Romila Thapar is a renowned Indian historian and author of many historical books. She has authored many internationally acclaimed books on history including From Lineage to State, Asoka and the Decline of the Mauryas, Early India: From Origins to AD 1300, and the popular History of India, Part I.

Thapar is an Honorary Fellow of the School of Oriental and African Studies, London, where she also received her Ph.D. in 1958, and a Foreign Honorary Member of the American Academy of Arts and Sciences. She was an emeritus professor of history at jawaharlal nehru university , New Delhi.
Thapar is a historian who believed in authenticity of historical data that is corroborated by archaeological evidences. Her historical writings delineate the origins of Hinduism as an evolving interplay between social forces.
Romila’s book From Lineage to State analyses the formation of states in the middle Ganga valley in the first millennium BCE, tracing the process to a change, driven by the use of iron and plough agriculture, from a pastoral and mobile lineage-based society to one of settled peasant holdings, accumulation and increased urbanisation. Her book on Somnath examines the evolution of the historiographies about the legendary Gujarat temple.

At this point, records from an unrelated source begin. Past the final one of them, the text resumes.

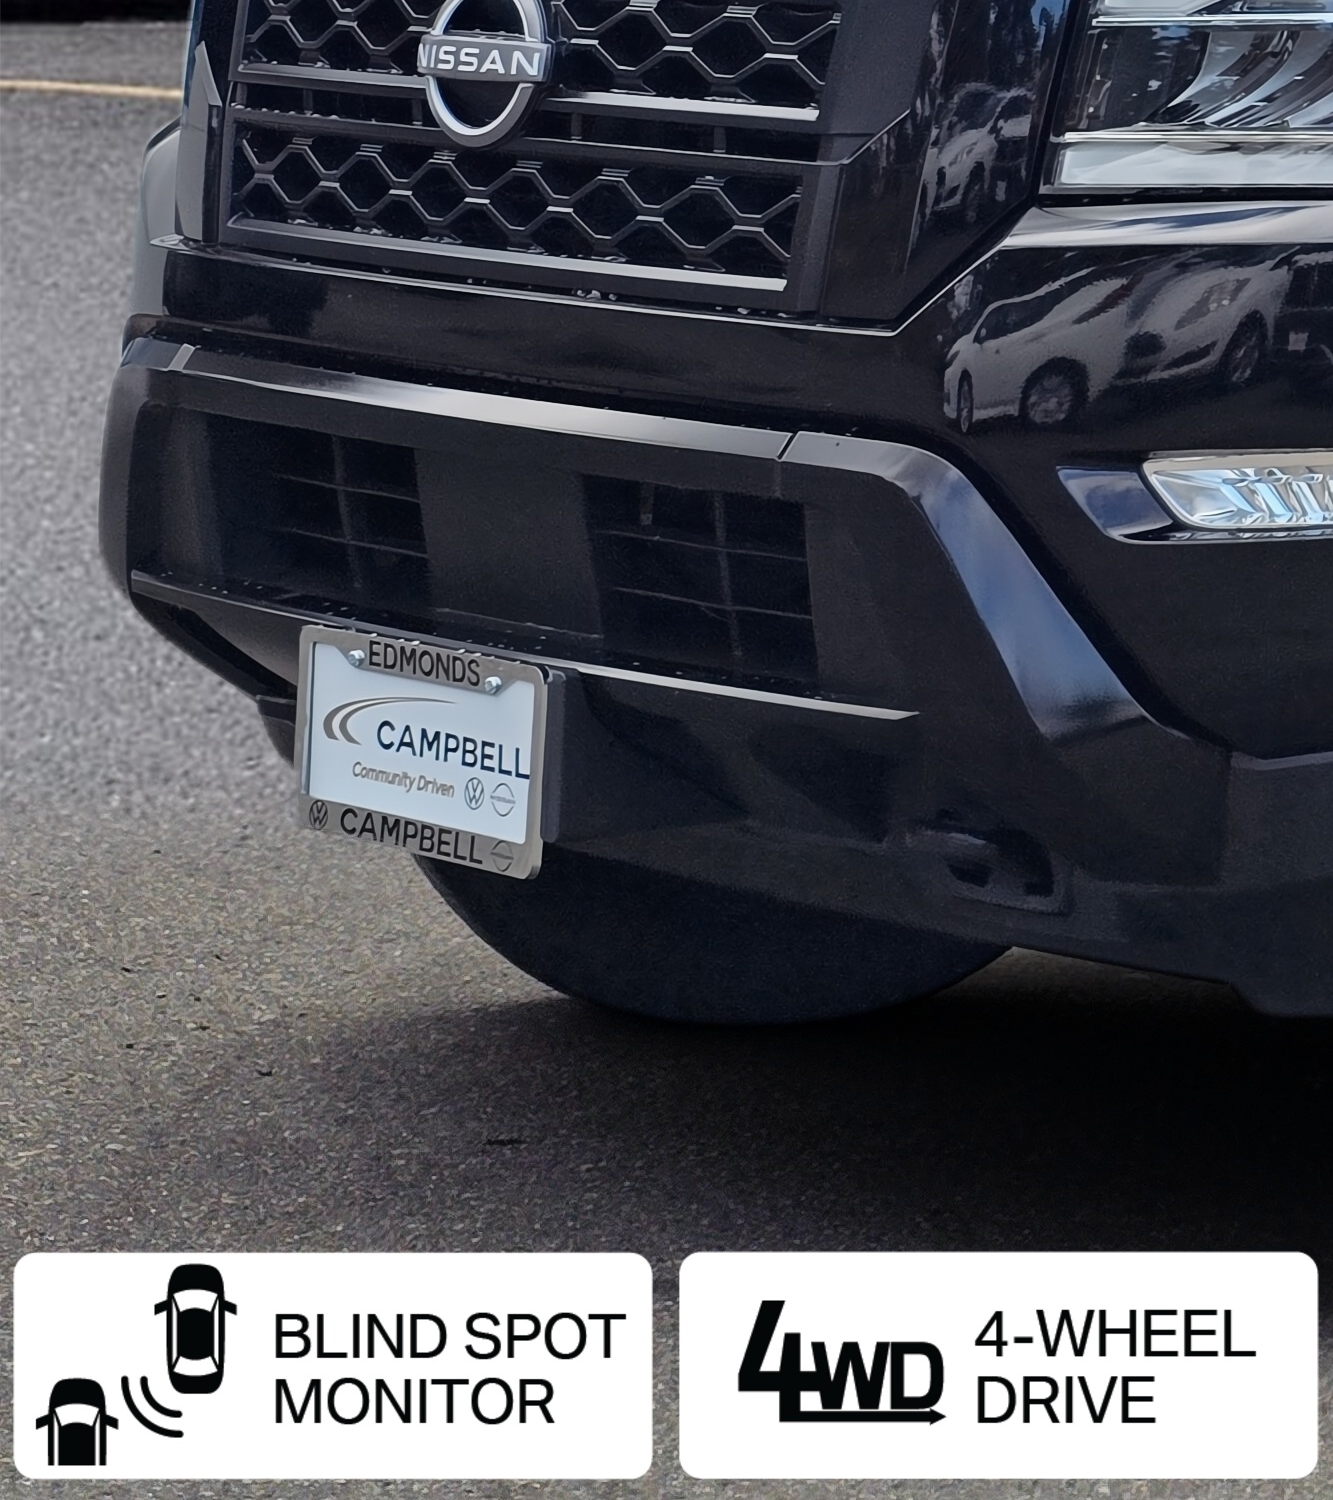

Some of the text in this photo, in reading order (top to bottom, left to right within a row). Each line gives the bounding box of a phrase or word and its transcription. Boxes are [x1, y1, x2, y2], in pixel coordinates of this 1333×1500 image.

[418, 43, 541, 76] NISSAN
[368, 640, 481, 687] EDMONDS
[376, 719, 530, 780] CAMPBELL
[352, 761, 455, 798] Community Driven
[340, 807, 483, 865] CAMPBELL

Thapar was a great critic of “communal interpretation” of Indian history, in which events in the last thousand years are interpreted solely in terms of a notional continual conflict between monolithic Hindu and Muslim communities. According to Thapar, this communal history is “extremely selective” in choosing facts, “deliberately partisan” in interpretation and does not follow current methods of analysis using multiple, prioritised causes.
Personal life
Romila Thapar was born 0n 30th November 1931 in lucknow,india as the daughter of Lieutenant-General dr.Dayaram thapar,the director general of Indian armed forces medical services. Young Romila ‘s education was in different cities of India as her father had to move as a military officer. She is an alumna of the St. Mary’s School and Wadia College, Pune. After doing her graduation from Punjab university in English literature she secured a second bachelors degree and later doctorate in history from the university of London in 1958.
Career
she started her career journey in Indian history as a reader at Kurukshetra university between 1961 and 1962 and later at Delhi university between 1963 and 1970. Thapar joined as professor of ancient Indian history at the Jawaharlal Nehru university, New Delhi later and continued in the university as Emeritus professor.
She has authored many books as a historian and her major works include:
- Asoka and the decline of the Mauryas
- Ancient Indian social history: some interpretations
- Recent perspectives of early Indian history
- A History of India volume one
- Early India: from the origins to ad 1300.
- From lineage to state.
Thapar’s first volume of a history of India narrates the period from its early history to the arrival of Europeans in the sixteenth century.
Ancient Indian social history gives an account of the period from early times to the end of the first millennium, and detailing a comparative study of Hindu and Buddhist socio-religious systems. It scrutinizes the role of Buddhism in social protest and social mobility in the caste system.
From lineage to state is a meticulous analysis about the formation of states in the middle Ganga valley in the first millennium B C and it traces the process to a change, driven by the use of iron and plough agriculture, from a pastoral and mobile lineage-based society to one of settled peasant holdings, accumulation and increased urbanisation.
Each book of Romila Thapar is an immersive account of historical narratives from a research-oriented perspective.
Honors & accolades
Romila Thapar is an honorary fellow at lady Margaret hall, oxford, and at the school of oriental and African studies (soas), university of London.
She holds honorary doctorates from the university of chicago, the institut national des langues et civilisations orientales in Paris, the university of oxford, the university of Edinburgh (2004), the university of Calcutta (2002) and recently (in 2009) from the university of Hyderabad.
Thapar was elected a foreign honorary member of the American academy of arts and sciences in 2009. She was also elected an honorary fellow of st Antony’s college, oxford, in 2017.
in 2004, the us library of congress appointed her as the first holder of the kluge chair in countries and cultures of the south.
She has been a visiting professor at Cornell university, the university of Pennsylvania, and the college de France in Paris.
She was elected general president of the Indian history congress in 1983 and a corresponding fellow of the British academy in 1999.
She is co-winner with Peter Brown of the Kluge Prize for the Study of Humanity for 2008.It is a very prestigious prize received by Romila Thapar. The prize is awarded by the John W. Kluge Centre at the Library of Congress.
in January 2005, she declined the Padma Bhushan awarded by the Indian government. Later she wrote to the president like this “i only accept awards from academic institutions or those associated with my professional work, and not state awards”.
Romila Thapar is considered as one of the intellectuals of Indian history who believes in doing justice to the nation’s history with a bold unyielding voice.